» WHAT IS EXPECTED
Give back each entry word for word, but drop the images.

Phrase grounding data:
===
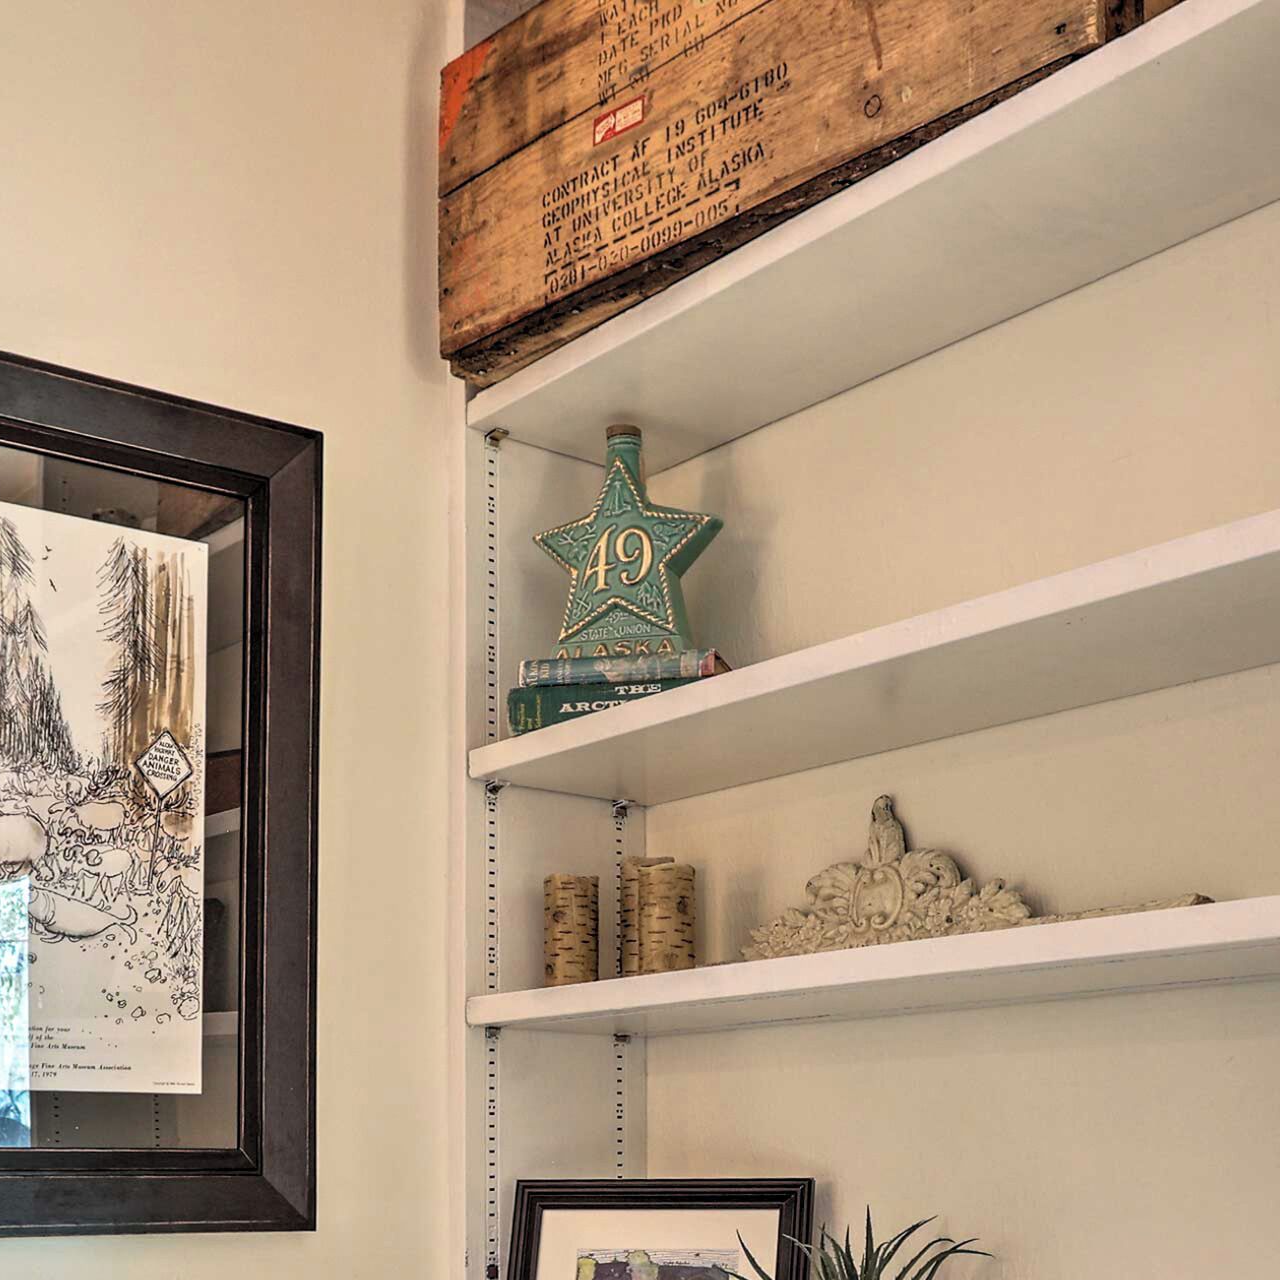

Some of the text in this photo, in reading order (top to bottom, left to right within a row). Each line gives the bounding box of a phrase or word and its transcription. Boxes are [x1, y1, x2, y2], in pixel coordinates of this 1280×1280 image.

[598, 30, 639, 66] DATE
[640, 14, 705, 62] SERIAL
[542, 161, 651, 228] GEOPHYSICAL
[667, 98, 764, 163] INSTITUTE
[542, 154, 620, 208] CONTRACT
[631, 136, 651, 161] AF
[665, 119, 685, 143] 19
[543, 148, 709, 248] AT UNIVERSITY OF
[545, 141, 765, 267] ALASKA COLLEGE ALASKA
[580, 523, 653, 594] 49
[580, 623, 651, 640] STATE UNION
[559, 700, 628, 713] ARCT
[614, 683, 662, 694] THE
[142, 760, 181, 776] ANIMALS
[146, 769, 178, 782] CROSSING
[148, 752, 180, 766] DANGER
===
» SOLUTION TO THE PROBLEM
Some of the text in this photo, in reading order (top to bottom, left to right within a row). Each line gives the bounding box of a phrase or word and its transcription. Boxes are [x1, y1, x2, y2], in pixel coordinates of this 1280×1280 image.

[598, 30, 639, 66] DATE
[640, 14, 705, 62] SERIAL
[542, 161, 651, 228] GEOPHYSICAL
[667, 98, 764, 163] INSTITUTE
[542, 154, 620, 208] CONTRACT
[631, 136, 651, 161] AF
[665, 119, 685, 143] 19
[543, 148, 709, 248] AT UNIVERSITY OF
[545, 141, 765, 267] ALASKA COLLEGE ALASKA
[580, 523, 653, 594] 49
[580, 623, 651, 640] STATE UNION
[559, 700, 628, 713] ARCT
[614, 683, 662, 694] THE
[142, 760, 181, 776] ANIMALS
[146, 769, 178, 782] CROSSING
[148, 752, 180, 766] DANGER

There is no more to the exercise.